- Origin: Gajnice, Croatia
- Genres: Rock, pop/rock, parody music
- Years active: 1991–present
- Labels: Croatia Records, Euroton, eSVe, Kondorcomm, Zelex/Suzy, Unicorn Records
- Members: Tihomir Borošak – Tiho Goran Borošak – Gugi Mario Jurišić – Jura Rudolf Katalinić-Rudi
- Past members: Mladen Martinović – Dugi Vladimir Pavelić – Bubi Dean Parmak - Deki Nikola Budić – Beli
- Website: www.vatrogasnazabava.com

= Vatrogasci =

Croatian parody band

Vatrogasci (English: "Firefighters") is a Croatian parody rock band formed in 1991 by Tihomir Borošak (Tiho) and Dean Parmak. The Band is known in particular for humorous songs and their often parody specific songs of contemporary musical acts.
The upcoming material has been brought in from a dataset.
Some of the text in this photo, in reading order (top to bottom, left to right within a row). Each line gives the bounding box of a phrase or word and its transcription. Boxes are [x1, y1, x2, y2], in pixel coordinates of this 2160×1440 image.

Their first song was "Vatrogasac Mirko" ("Firefighter Mirko") recorded during one hour break while they were waiting for a next client. After the recording session they needed a singer, so they found Vladimir Pavelić (Bubi). Dean Parmak was first to leave the band, and after four albums recorded Pavelić left too. After Vladimir Pavelić, next singer was Mladen Martinović (Dugi) who would be their singer for next 10 years; after him, for their new album new singer is Goran Borošak (Gugi).

Their last album was "Dvodojak" (2014).

== Famous parodies ==
They parodied many Croatian bands and singers, and also many foreign bands.
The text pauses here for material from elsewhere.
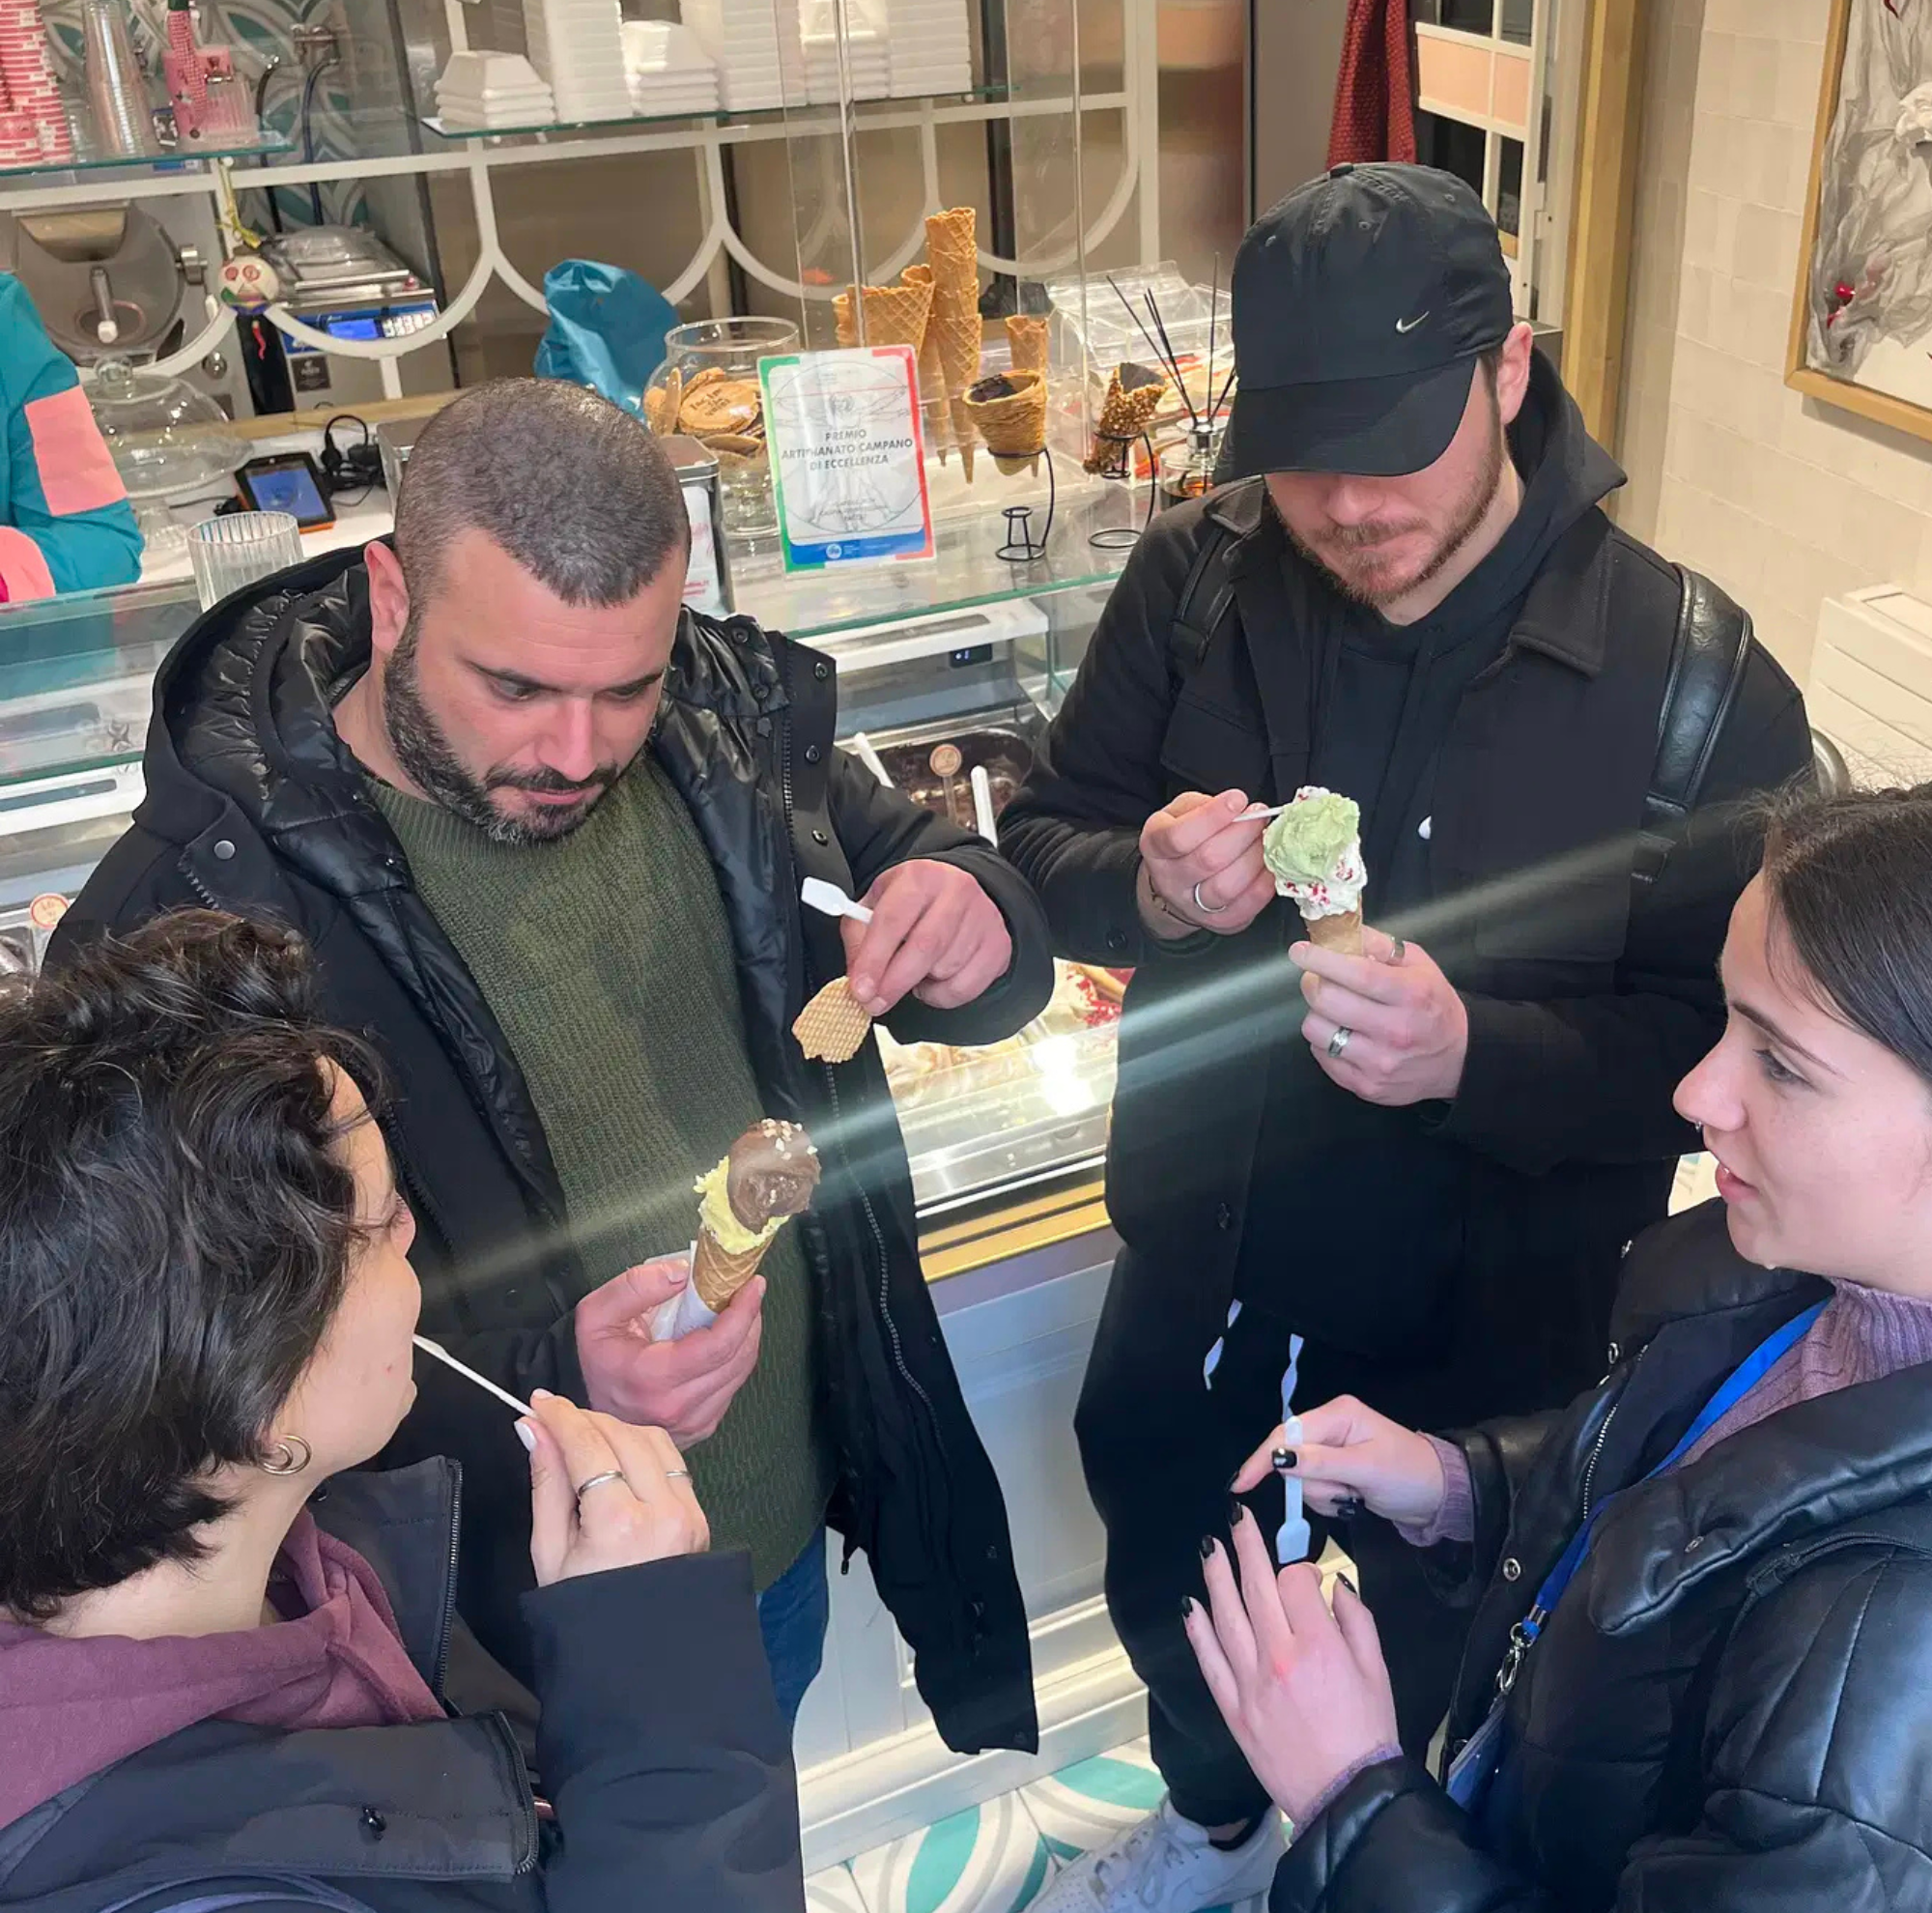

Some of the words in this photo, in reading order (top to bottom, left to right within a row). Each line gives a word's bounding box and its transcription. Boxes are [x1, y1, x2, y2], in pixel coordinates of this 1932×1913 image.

In 1992, the group made a parody of Boney M song "Rivers of Babylon", translating it into Croatian (naming it "Joj što volim") and making it in turbofolk arrangement. Group also covered 2 Unlimited's eurodance hit "No Limit", naming it "Nema ograničenja". Song "Paloma Blanca" was also covered in 1993 by the group (naming it "Pekara").
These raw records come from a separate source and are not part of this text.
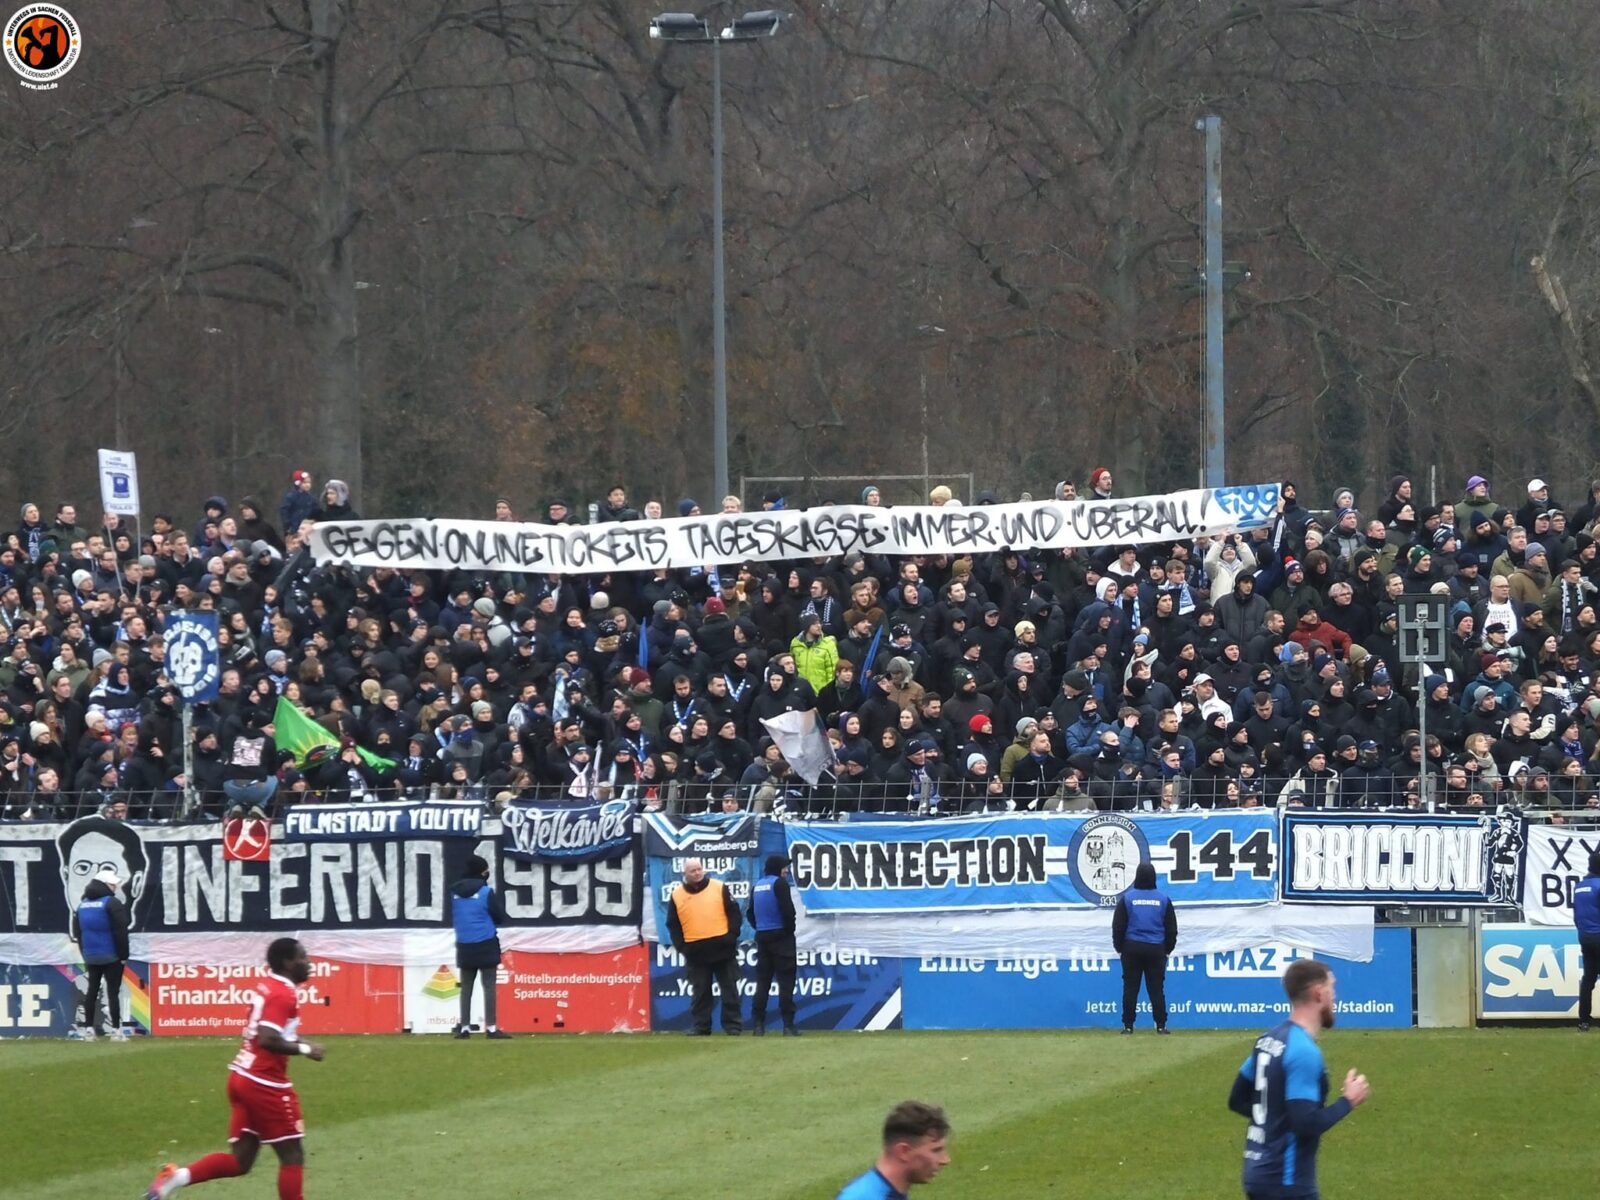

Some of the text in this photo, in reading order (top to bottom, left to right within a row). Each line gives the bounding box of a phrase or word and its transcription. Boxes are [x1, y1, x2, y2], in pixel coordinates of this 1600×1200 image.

[1001, 507, 1063, 544] UND
[286, 808, 480, 834] FILMSTADT YOUTH
[1082, 815, 1136, 832] CONNECTION
[789, 829, 1274, 890] CONNECTION 144
[1292, 825, 1484, 892] BRICCONI
[162, 840, 443, 925] INFERNO
[474, 841, 633, 918] 1999
[796, 942, 878, 967] erden.
[158, 963, 199, 978] Das
[514, 973, 643, 986] Mittelbrandenburgische
[514, 988, 569, 1000] Sparkasse
[1085, 1001, 1117, 1013] Jetzt
[1169, 1000, 1192, 1013] auf
[158, 1017, 186, 1027] Lohnt
[188, 1017, 207, 1027] sich
In 1993, they made a parody of ABBA's song "Chiquitita", translating it into Croatian (renaming it "Čičikita"). In 1994, the group featuring Croatian comedian Željko Pervan made a parody of Boney M "Rasputin" song, translating it into Croatian (naming "Raspiči, opiči"). They also made a parody of song "Those Were the Days" translating it into Croatian (naming it "Ajnc, cvaj draj").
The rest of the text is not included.